Lots of dealers have given away cars to boost their business and help local charities. But a Chrysler Group dealership's annual $75,000 car raffle has pumped more than $1 million into struggling local schools and earned the dealership dozens of extra sales.
Last year, Victorville Motors, a family-owned Chrysler-Jeep-Dodge-Ram dealership about 90 miles northeast of Los Angeles, developed "It's a Gas to go to Class."
Eligible for the raffle are high school students with perfect attendance.

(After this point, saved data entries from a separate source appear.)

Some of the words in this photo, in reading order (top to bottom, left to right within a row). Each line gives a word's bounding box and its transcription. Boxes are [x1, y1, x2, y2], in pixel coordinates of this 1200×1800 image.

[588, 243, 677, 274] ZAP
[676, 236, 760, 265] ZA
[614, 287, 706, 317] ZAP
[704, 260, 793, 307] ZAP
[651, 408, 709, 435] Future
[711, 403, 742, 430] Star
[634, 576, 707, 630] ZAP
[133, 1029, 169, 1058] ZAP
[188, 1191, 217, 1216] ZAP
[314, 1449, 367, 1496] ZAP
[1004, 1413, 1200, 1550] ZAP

The campaign culminates in a daylong festival in the spring where valuable prizes -- including two new Dodge Darts this year -- are raffled off.

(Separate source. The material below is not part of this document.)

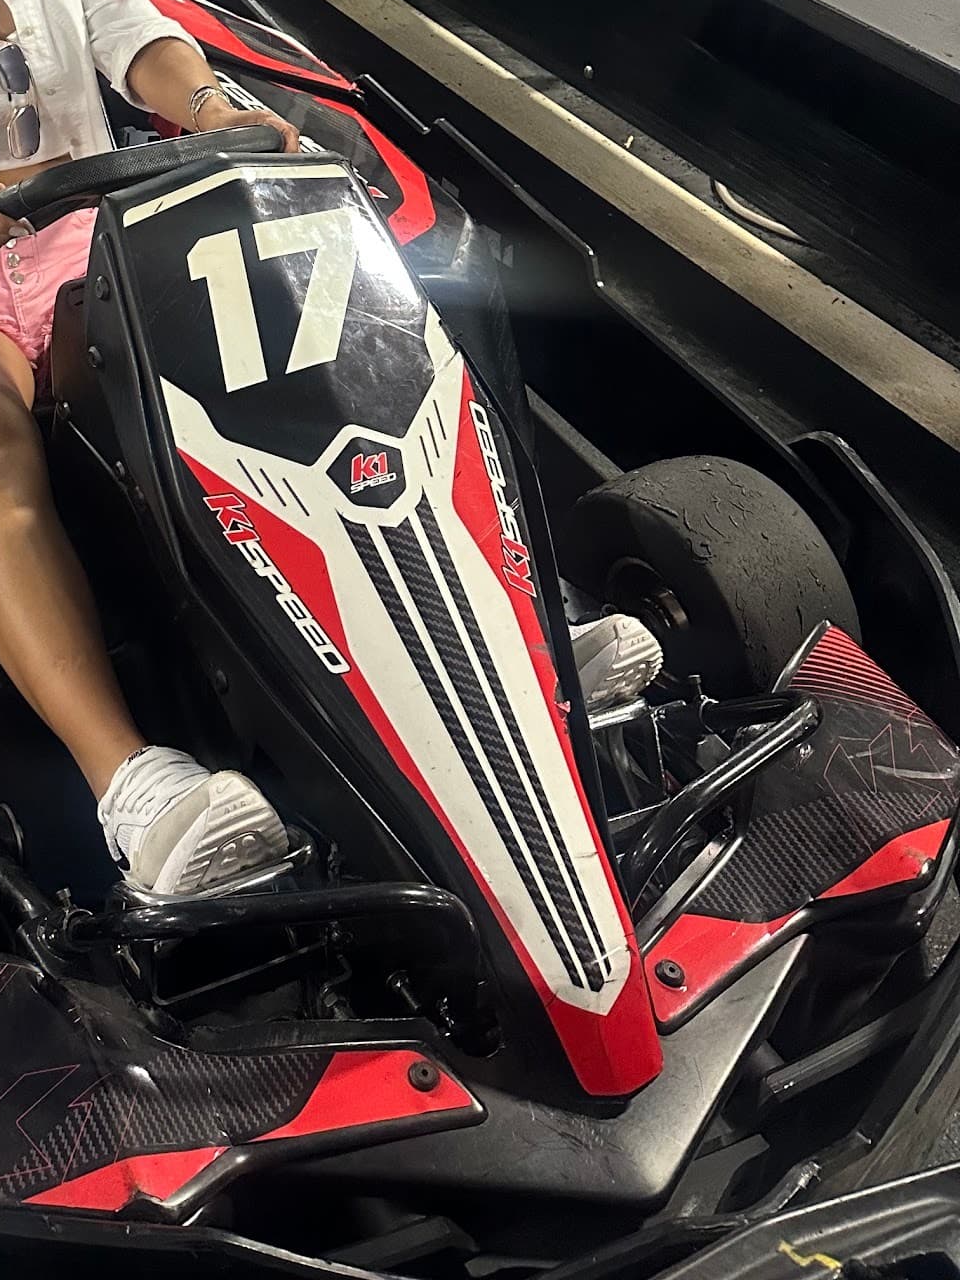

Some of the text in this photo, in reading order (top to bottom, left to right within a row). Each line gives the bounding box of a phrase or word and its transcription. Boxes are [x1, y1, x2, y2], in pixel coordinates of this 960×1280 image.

Even though the contest is only in its second year, the impact on the local school districts is impressive because school funding in California is based partially on attendance.
Participating schools have enjoyed a fourfold increase in perfect attendance, significantly higher state revenue and better academic performance by students.

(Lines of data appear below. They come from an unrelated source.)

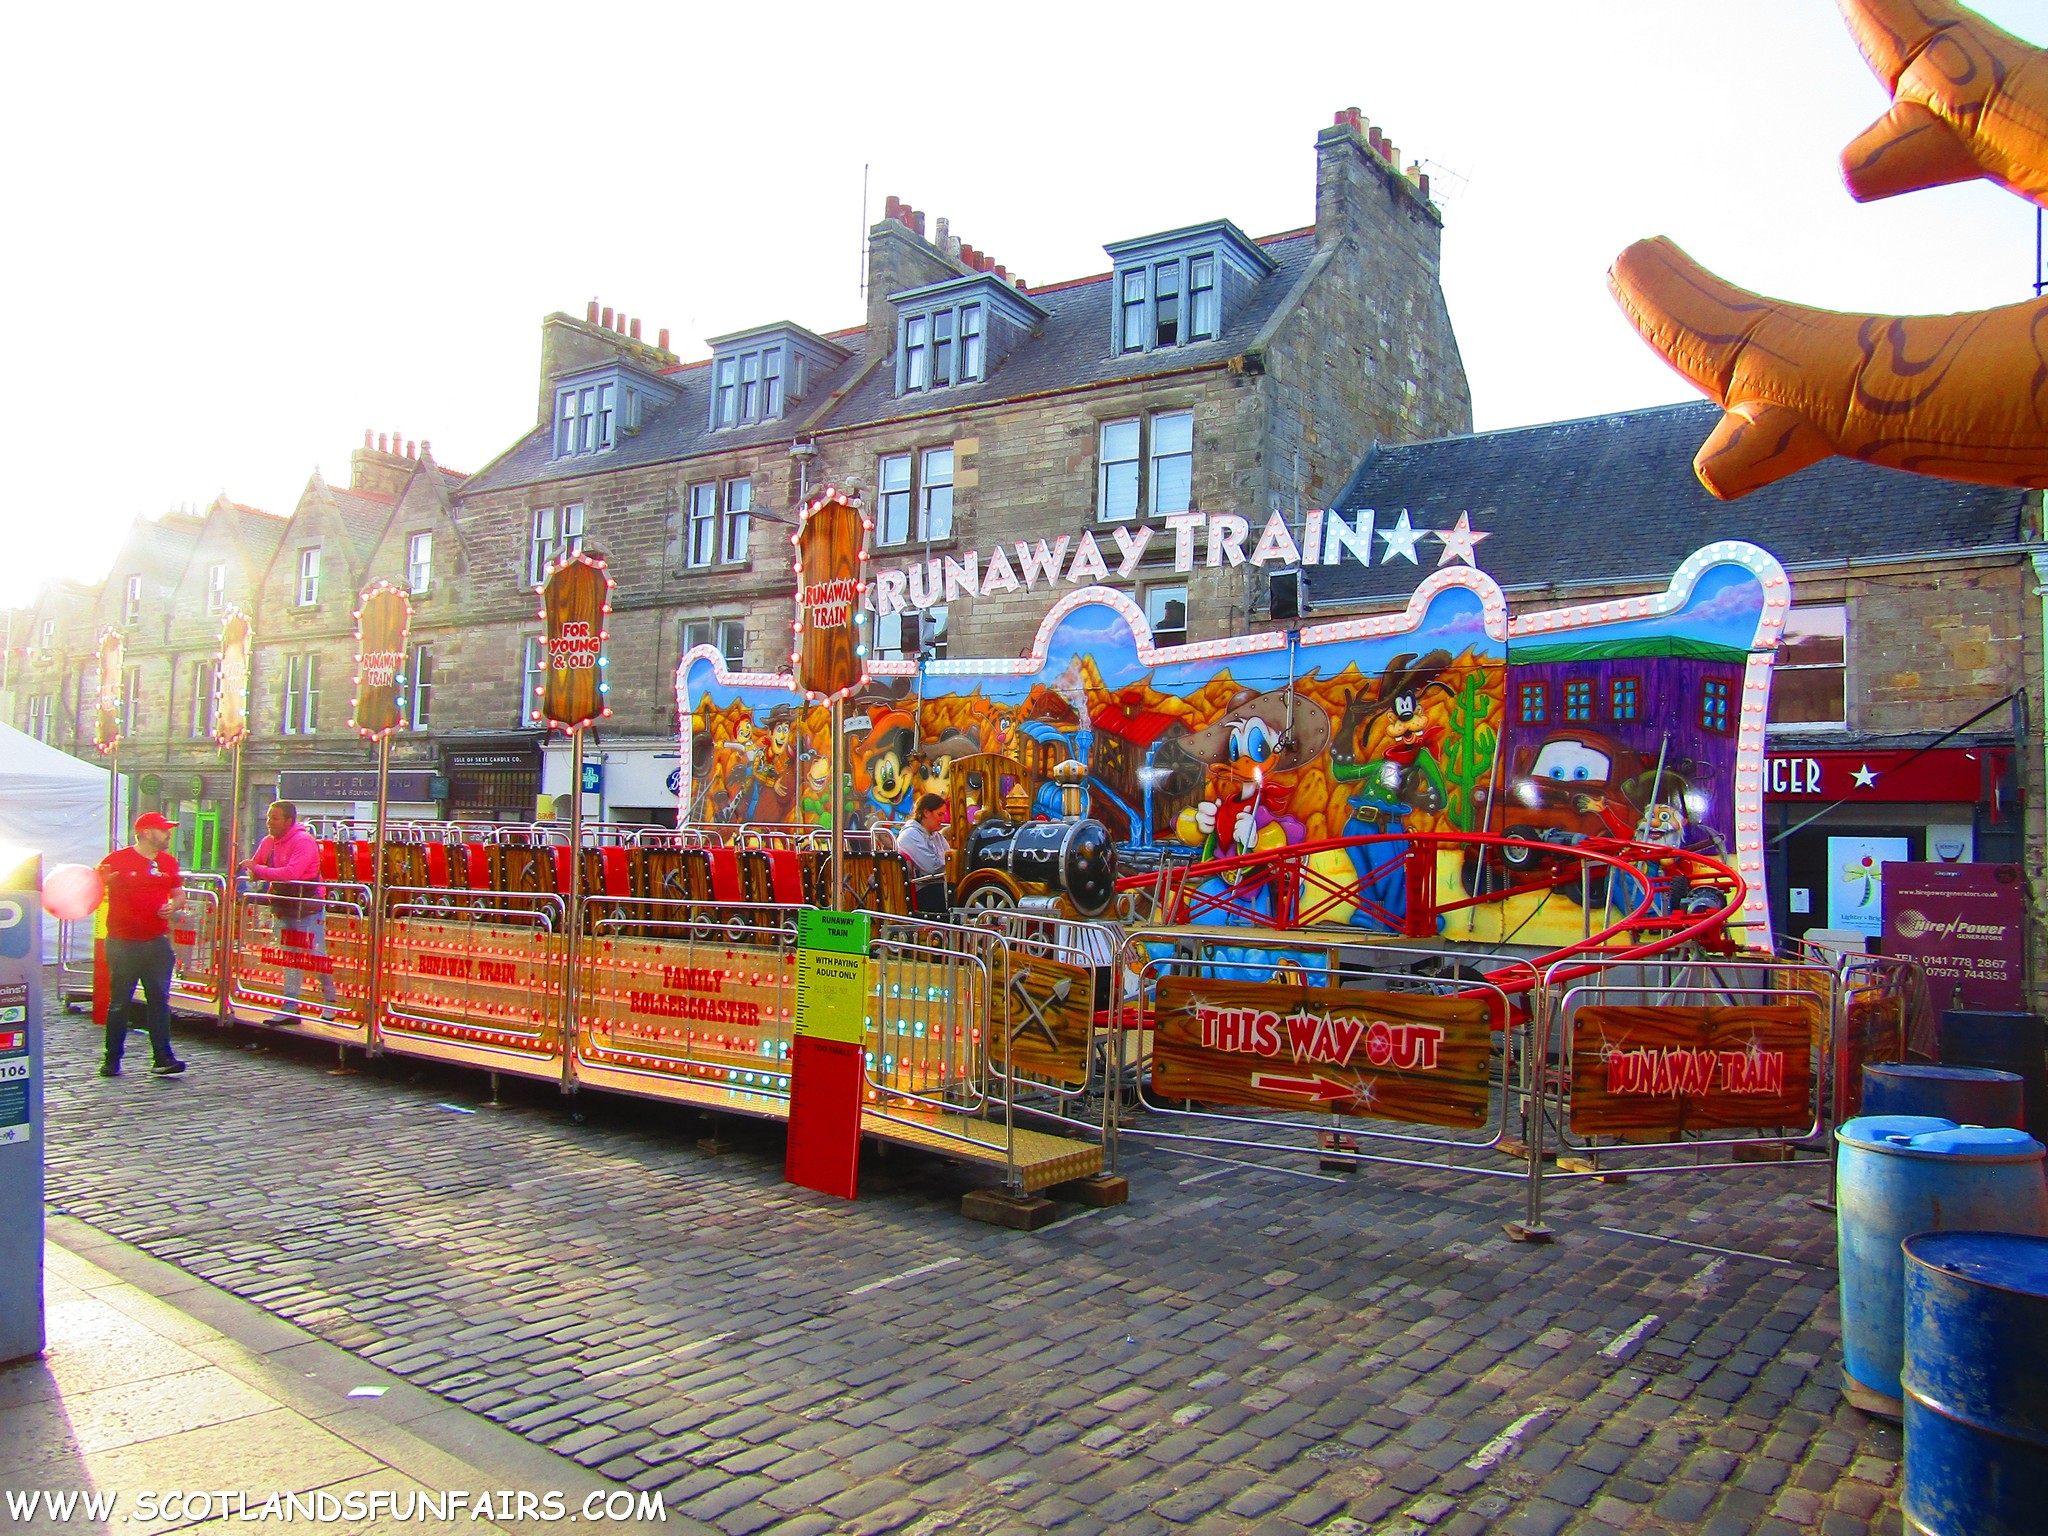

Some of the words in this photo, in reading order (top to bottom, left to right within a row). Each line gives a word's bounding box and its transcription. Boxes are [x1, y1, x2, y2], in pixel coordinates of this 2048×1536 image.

[875, 524, 1156, 616] RUNAWAY
[1164, 508, 1375, 573] TRAIN
[804, 578, 858, 609] RUNAWAY
[813, 604, 848, 629] TRAIN
[562, 622, 590, 638] FOR
[549, 636, 601, 655] YOUNG
[362, 650, 400, 671] RUNAWAY
[552, 655, 567, 670] &
[567, 653, 596, 669] OLD
[367, 668, 394, 688] TRAIN
[1898, 889, 1998, 898] www.hirepowergenerators.co.uk
[821, 915, 855, 926] RUNAWAY
[1914, 920, 1945, 932] Hire
[1957, 922, 2006, 935] Power
[827, 928, 848, 937] TRAIN
[1956, 933, 2003, 941] GENERATORS
[418, 954, 473, 977] RUNAWAY
[478, 960, 517, 984] TRAIN
[815, 956, 833, 966] WITH
[833, 958, 859, 969] PAYING
[1922, 955, 1948, 965] 0141
[1951, 956, 1972, 966] 778
[1977, 958, 2007, 968] 2867
[663, 966, 724, 993] FAMILY
[816, 968, 838, 978] ADULT
[838, 970, 857, 980] ONLY
[1926, 967, 1960, 977] 07973
[1963, 969, 2008, 980] 744353
[0, 985, 27, 995] oins?
[629, 991, 760, 1026] ROLLERCOASTER
[1196, 1005, 1282, 1057] THIS
[1285, 1007, 1365, 1068] WAY
[1366, 1020, 1445, 1070] OUT
[813, 1043, 828, 1053] TOO
[1607, 1045, 1717, 1099] RUNAWAY
[1718, 1048, 1783, 1098] TRAIN

And the dealership says it has sold more than five dozen vehicles over 18 months as a direct result of the contest.
"I had no idea how successful it would be," dealer principal Tim Watts said.
Victorville Motors had long been involved in its community, raising funds and sponsoring events for local groups, Watts says.
But when one of the parents of a local Future Farmers of America chapter asked whether the dealership had ever considered giving away a car, the question planted a seed in Watts' mind.
"It wasn't just about us. We wanted to do it as a multilayered approach and an outreach that includes other local businesses," said Watts, 47, who runs the dealership with his brother Chet, 65. Last year the dealership sold 850 new and 756 used vehicles.
Two dealership employees, Kevin Smilen and Billy Mack, developed the idea for the annual perfect attendance contest. The first thing they did was reach out to local district superintendents to weigh interest.
"Every one of the superintendents was over the moon about it," Watts recalls.
Elvin Momon, superintendent of Victor Valley Union High School District, said that before the contest started, there were "maybe 15 or 20 kids" within his district's three high schools that finished the year with perfect attendance.
"But with the chance to win a car on the line? We had several hundred kids that came to school every single day," he said.